▶ Records for this exercise:

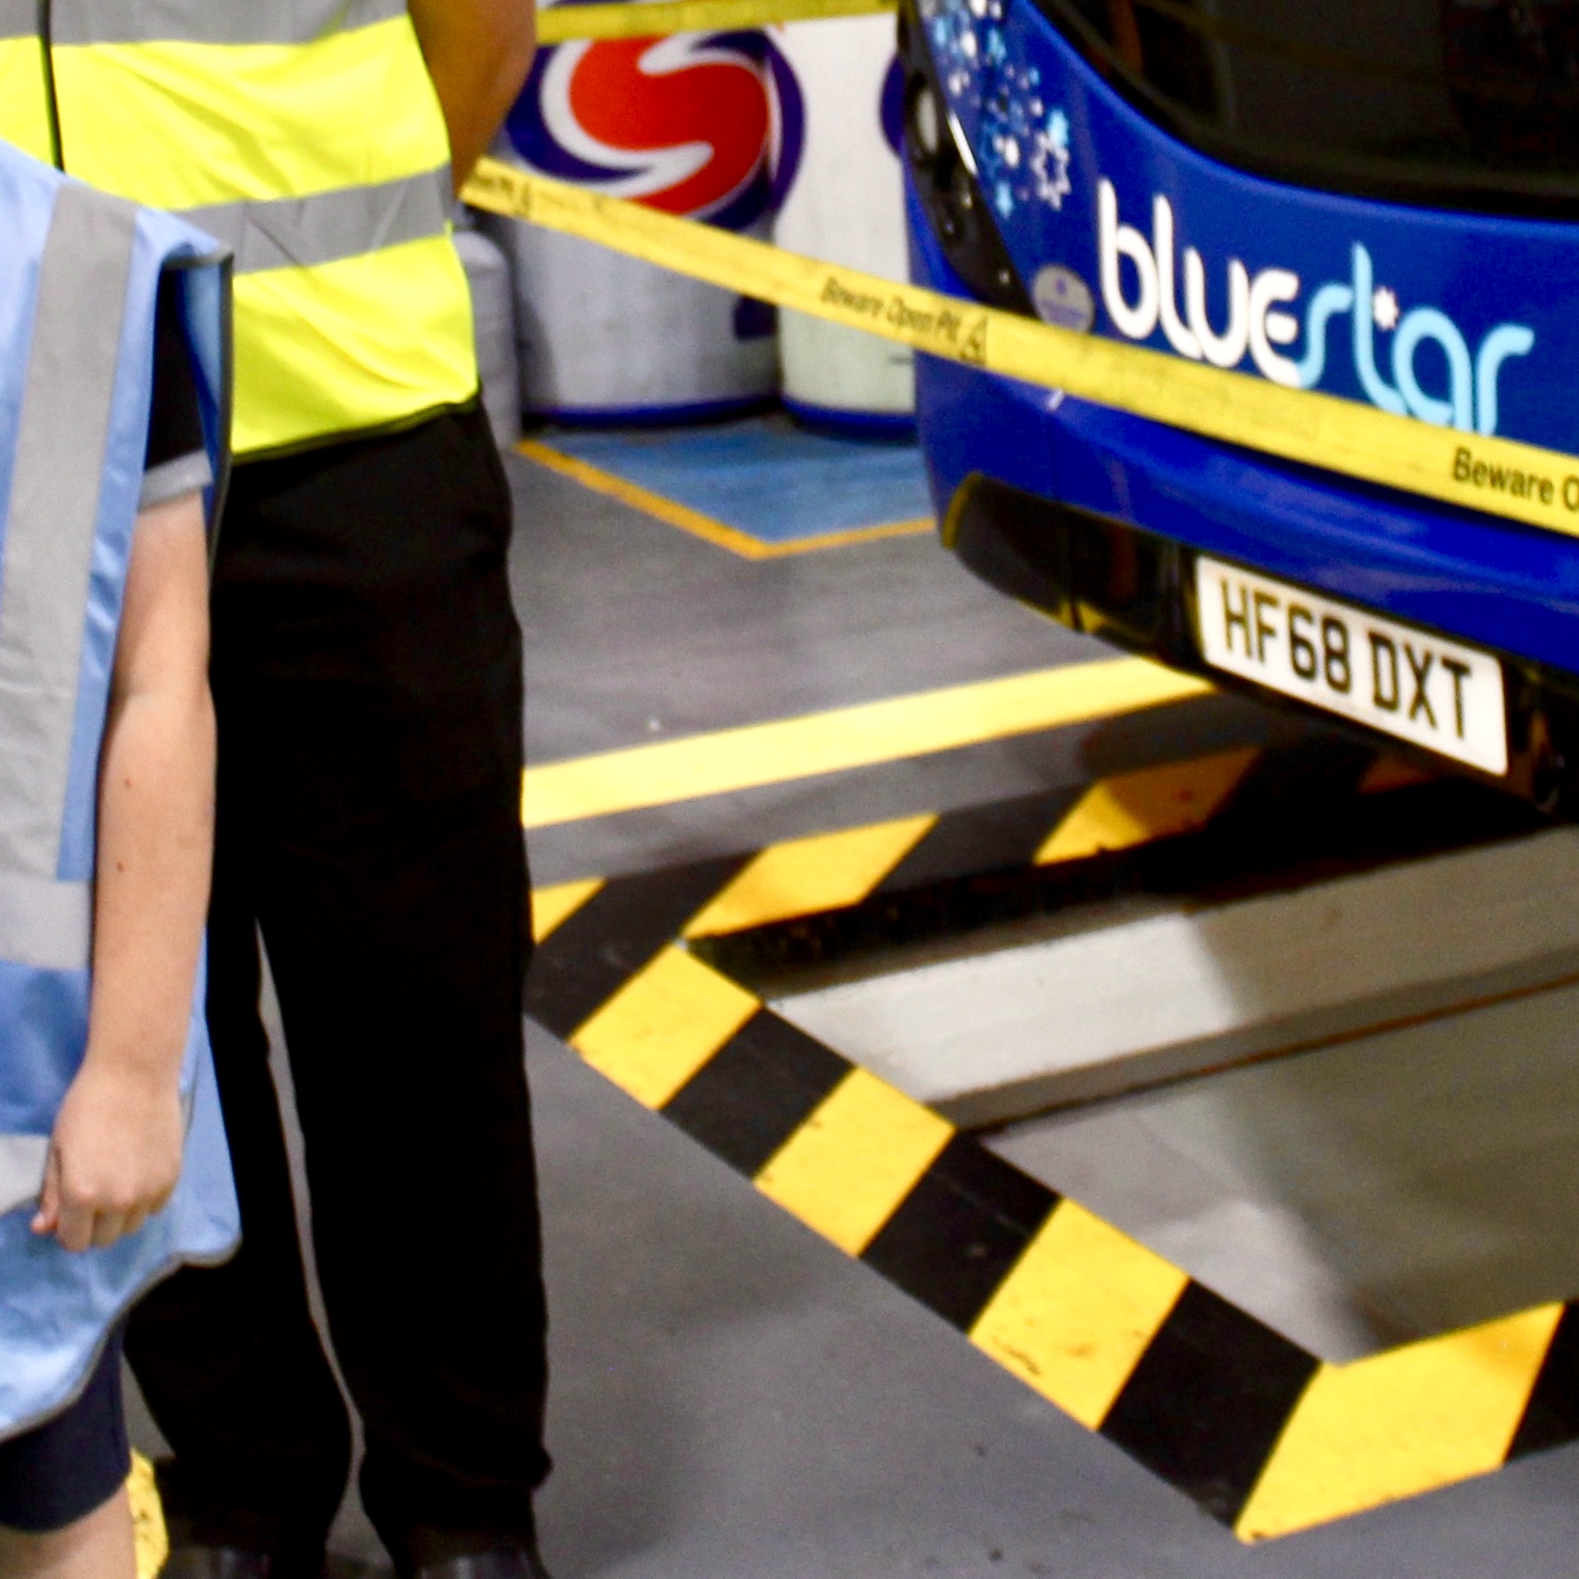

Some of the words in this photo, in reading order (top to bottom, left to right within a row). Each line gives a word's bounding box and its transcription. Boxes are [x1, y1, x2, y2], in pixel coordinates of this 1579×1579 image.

[820, 276, 884, 319] Beware
[887, 294, 934, 333] Open
[935, 309, 962, 343] Pit
[1096, 176, 1534, 438] bluestar
[1452, 446, 1554, 505] Beware
[1221, 574, 1352, 695] HF68
[1366, 628, 1472, 740] DXT
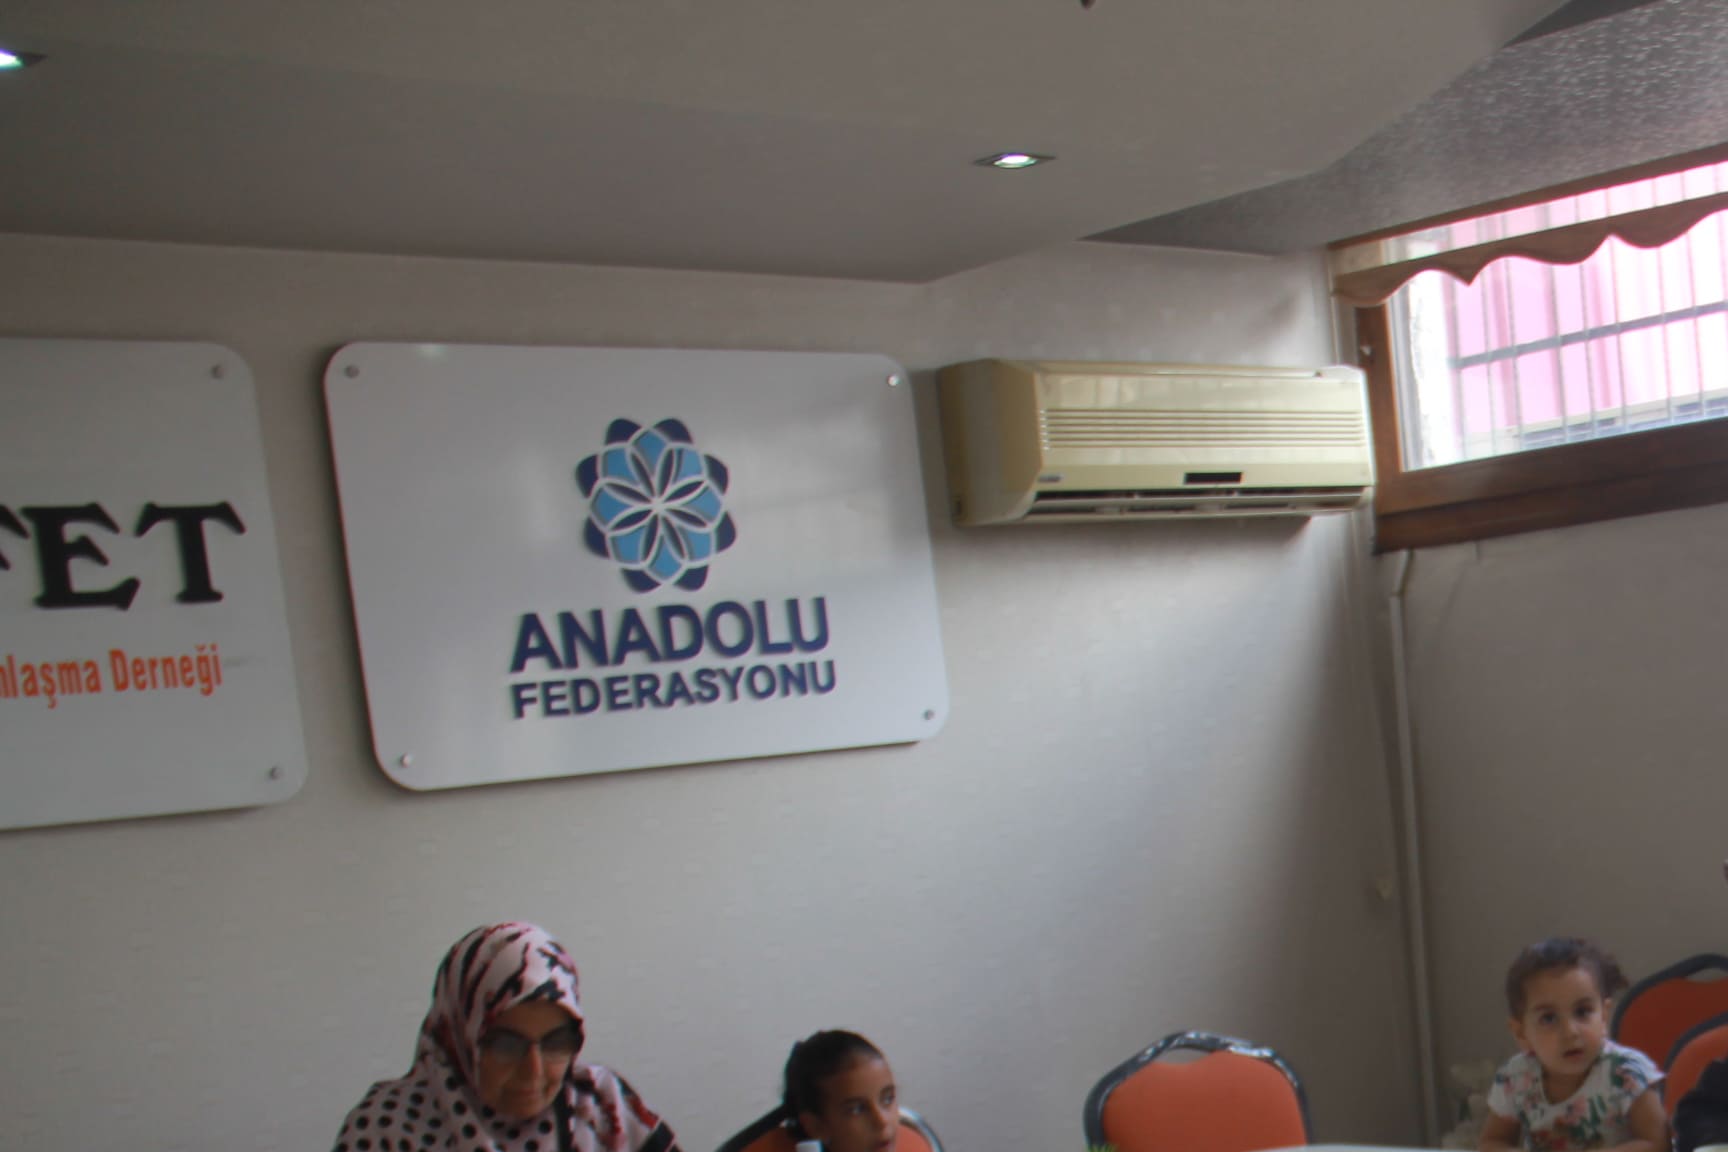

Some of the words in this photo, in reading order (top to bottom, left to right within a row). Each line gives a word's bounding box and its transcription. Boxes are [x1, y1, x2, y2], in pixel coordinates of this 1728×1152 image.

[508, 596, 830, 674] ANADOLU
[109, 644, 222, 696] Derneği
[510, 660, 837, 721] FEDERASYONU

▶ Problem:
If an entry contains a picture, leave it out and repeat the rest exactly.

▶ Answer below:
Some of the words in this photo, in reading order (top to bottom, left to right within a row). Each line gives a word's bounding box and its transcription. Boxes are [x1, y1, x2, y2], in pixel coordinates of this 1579×1579 image.

[820, 276, 884, 319] Beware
[887, 294, 934, 333] Open
[935, 309, 962, 343] Pit
[1096, 176, 1534, 438] bluestar
[1452, 446, 1554, 505] Beware
[1221, 574, 1352, 695] HF68
[1366, 628, 1472, 740] DXT

Some of the words in this photo, in reading order (top to bottom, left to right within a row). Each line gives a word's bounding box and its transcription. Boxes are [x1, y1, x2, y2], in pixel coordinates of this 1728×1152 image.

[508, 596, 830, 674] ANADOLU
[109, 644, 222, 696] Derneği
[510, 660, 837, 721] FEDERASYONU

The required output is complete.